Masters Thesis

From strong mothers to independent women: tracing the development of Chilean feminist identity in the twentieth century

On July 25, 2018, another wave of feminist political action crashed onto the Chilean shore. Taking to the streets of Plaza Italia, a public space in the capital city of Santiago where protestors often gather, thousands of women sought to demand the reform of Chile’s strict anti-abortion laws. Yet Chilean women have not been strangers to collective resistance. Throughout Chile’s rich history, women have played a critical yet underestimated role as political activists. Women were instrumental in the rise and fall of Chile’s most infamous leaders, Salvador Allende (1970-1973) and Augusto Pinochet (1973-1990). This thesis analyzes the development of a Chilean feminist identity in the twentieth century, tracing women’s transformations from strong mothers during the first wave feminist movement, to independent women in Chile’s second wave feminist movement.

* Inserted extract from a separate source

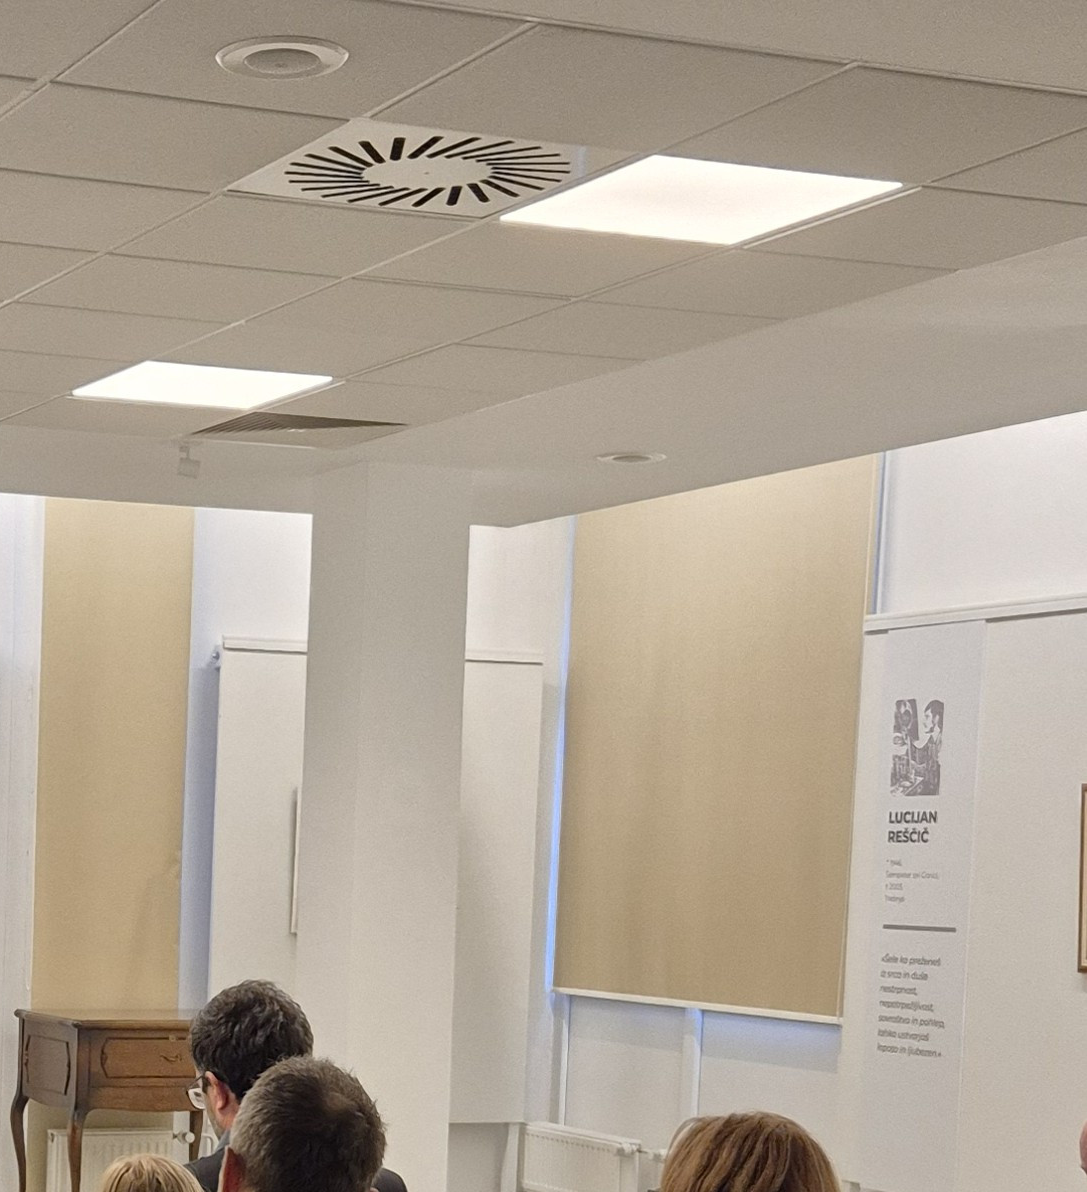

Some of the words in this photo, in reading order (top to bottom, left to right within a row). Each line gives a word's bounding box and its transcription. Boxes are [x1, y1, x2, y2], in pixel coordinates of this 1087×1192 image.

By utilizing the latest research in gender studies and analyzing how gendered discourses have shaped identity, social, and political institutions, I argue that Chilean women continue to be critical historical authorities, and their engagement in Chile’s political process has helped dismantle old, and create new, gendered relations of power. Finally, this work will examine how women’s political involvement has shaped contemporary feminism and the feminist revolution currently taking place in Chile.